After I spoke, my deafness persisted. My heart pounded as I numbly replayed my mistakes, and I shuddered at the memory of my faltering voice.
People sometimes say, “I have low self-esteem.”
Does that mean they don’t like themselves? They think they’re stupid? They regard their life as a failure?
Having low self-esteem is defined as having a negative image of yourself, but the problem goes much deeper. Thinking about your self-esteem means you’re focused on yourself and not on the world around you. My fear of speaking up was entirely self-centered.

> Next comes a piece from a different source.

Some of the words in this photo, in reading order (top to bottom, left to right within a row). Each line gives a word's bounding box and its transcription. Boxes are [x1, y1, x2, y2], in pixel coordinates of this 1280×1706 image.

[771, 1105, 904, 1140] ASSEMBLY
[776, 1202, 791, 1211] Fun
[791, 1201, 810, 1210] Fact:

If I could have somehow thought of my classmates, I would have triumphed over my fear.
So how do we climb out of that pit of self-consciousness?
Strive to be a mensch.
Although mensch is a German word for man, or human being, the concept comes from the Yiddish implications of the same word. A mensch is a decent, upright person of great integrity. A woman can be a mensch too (although I’ve heard menschette used in jest).
People ask me, “How do I raise my self-esteem?”

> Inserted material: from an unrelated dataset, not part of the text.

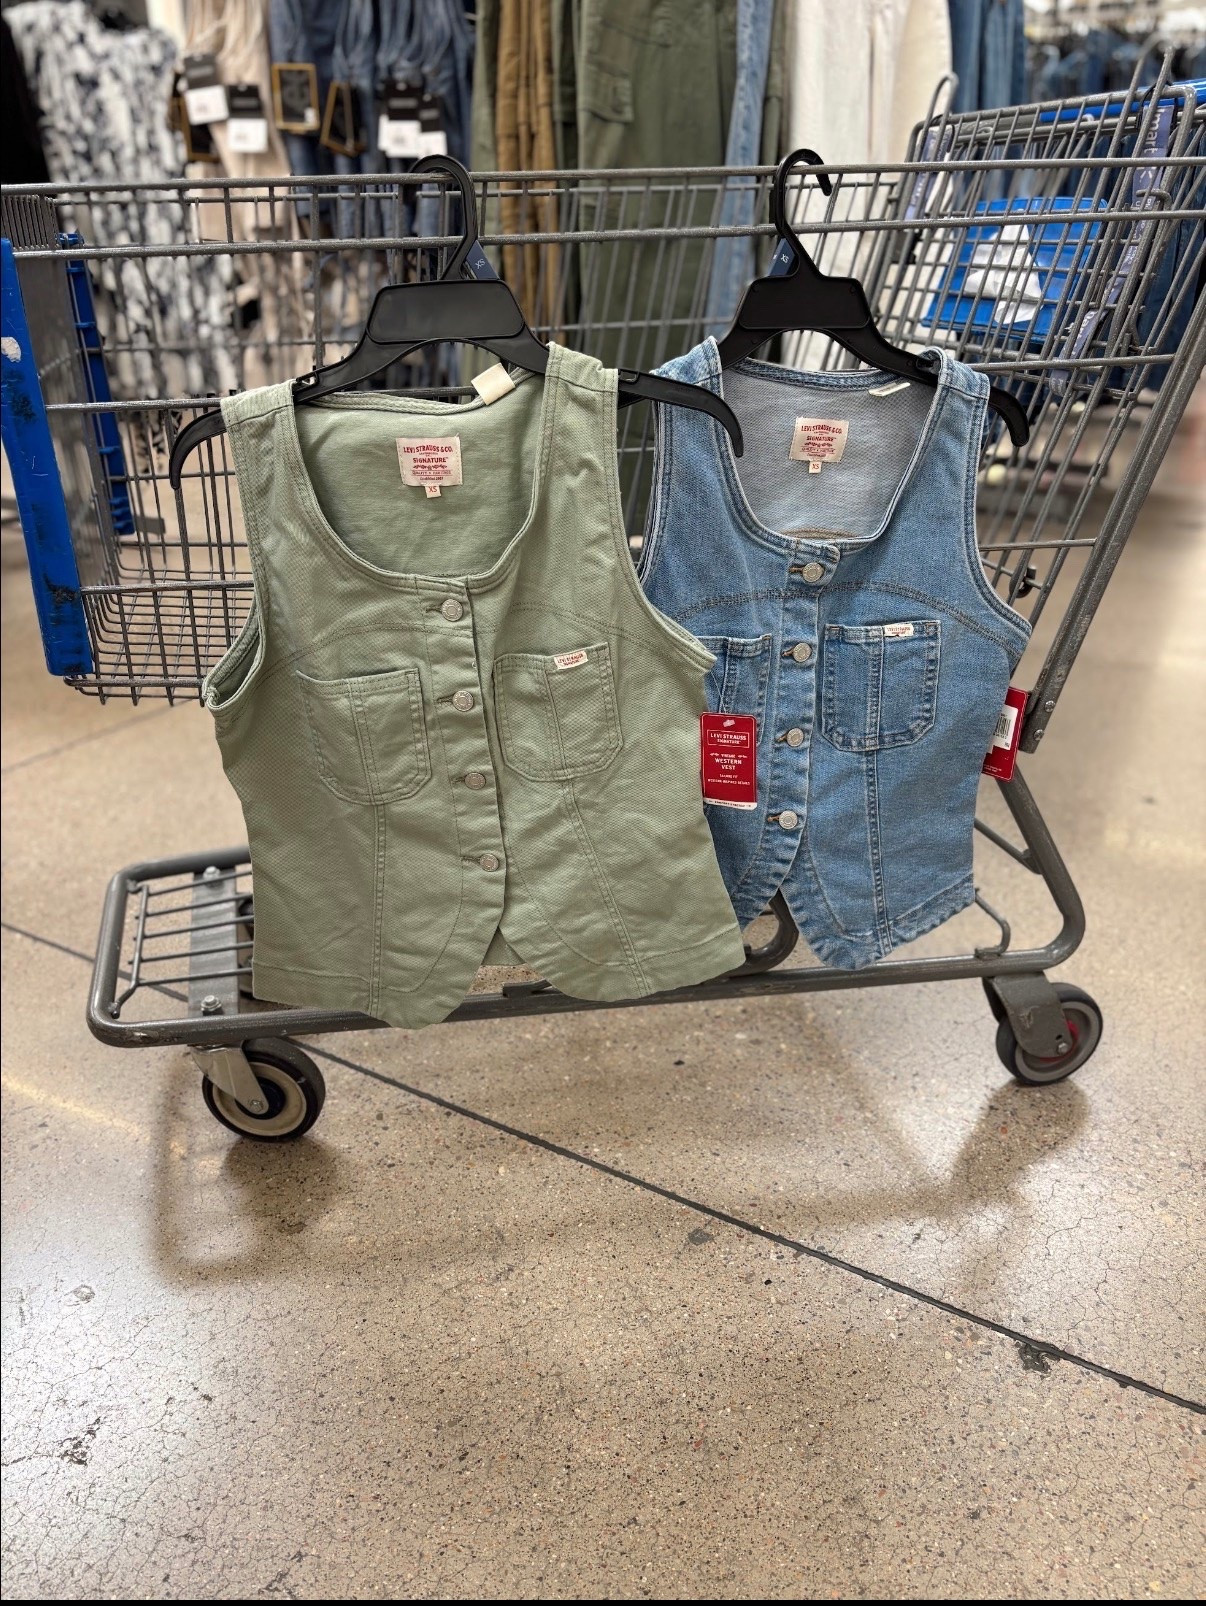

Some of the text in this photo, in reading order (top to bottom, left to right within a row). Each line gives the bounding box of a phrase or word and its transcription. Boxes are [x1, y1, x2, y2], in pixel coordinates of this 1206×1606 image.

The only way to feel better about yourself is to be a guiding light for other people.
Instead of thinking about what you want to say in a conversation, ask other people questions, then listen to their answers. Think about what they are trying to communicate. Then, and only then, think about what you’d like to contribute.

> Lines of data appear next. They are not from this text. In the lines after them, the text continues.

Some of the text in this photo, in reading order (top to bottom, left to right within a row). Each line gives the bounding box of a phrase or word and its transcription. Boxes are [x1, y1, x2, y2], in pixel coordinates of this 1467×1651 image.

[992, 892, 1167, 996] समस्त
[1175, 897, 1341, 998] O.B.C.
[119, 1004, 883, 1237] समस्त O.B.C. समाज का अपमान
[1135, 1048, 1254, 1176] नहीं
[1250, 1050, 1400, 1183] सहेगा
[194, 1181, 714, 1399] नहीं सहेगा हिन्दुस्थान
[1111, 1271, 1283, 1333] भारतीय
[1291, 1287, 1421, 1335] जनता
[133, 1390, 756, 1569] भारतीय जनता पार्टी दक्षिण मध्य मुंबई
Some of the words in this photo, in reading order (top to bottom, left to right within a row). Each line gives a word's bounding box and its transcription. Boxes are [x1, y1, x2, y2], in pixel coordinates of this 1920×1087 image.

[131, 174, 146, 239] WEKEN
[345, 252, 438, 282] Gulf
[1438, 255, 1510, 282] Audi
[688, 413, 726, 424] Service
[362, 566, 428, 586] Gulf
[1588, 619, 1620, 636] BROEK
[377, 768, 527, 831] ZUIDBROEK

This is hard to do. It means opening your eyes to what’s in front of you, not what is in your own head.
The experience of being truly listened to is so rare that people pay for it. As a therapist, I spend most of my time asking questions that encourage people to express their thoughts and tell their experiences. Then I listen carefully. This type of listening takes a lot of energy.
But it’s endlessly rewarding. I feel honored to hear someone’s deepest wishes, fears, and feelings. I can only hope that they learn half as much from talking to me as I do from listening to them.
Sometimes clients will be amazed that I remember details of their stories months and even years later.
It’s easy to remember the details when you’re grounded in the present moment and making sure your mind doesn’t wander off to other places. (This wandering happens to everyone but, if you practice a lot, you can catch yourself quickly.)
Affirmations are popular. While they can temporarily dampen the negative soundtrack in your brain that spews out such nastiness as, “You’re fat, you’re stupid, you’re ugly, you’re selfish,” they will always be only a first step.
All the “you’re beautiful’s, you’re smart’s, and you’re special’s,” in the world, won’t convince you. You’ll have a sneaking suspicion that you’re lying to yourself.
After you’ve looked in the mirror and told your image how strong and good you are, turn away from the mirror and look out the window. See the people and the world around you. What do they need?
Once you’ve decided what you’d like to do to make the world a better place, get to work.
I’m oversimplifying this lifelong process, of course. It’s a daily struggle to learn to live in peace with these inner conflicts.
But if you practice working on improving the world around you, you’ll realize you’re not a bad person after all.
You may even qualify for that highest of Yiddish compliments. You’re a mensch.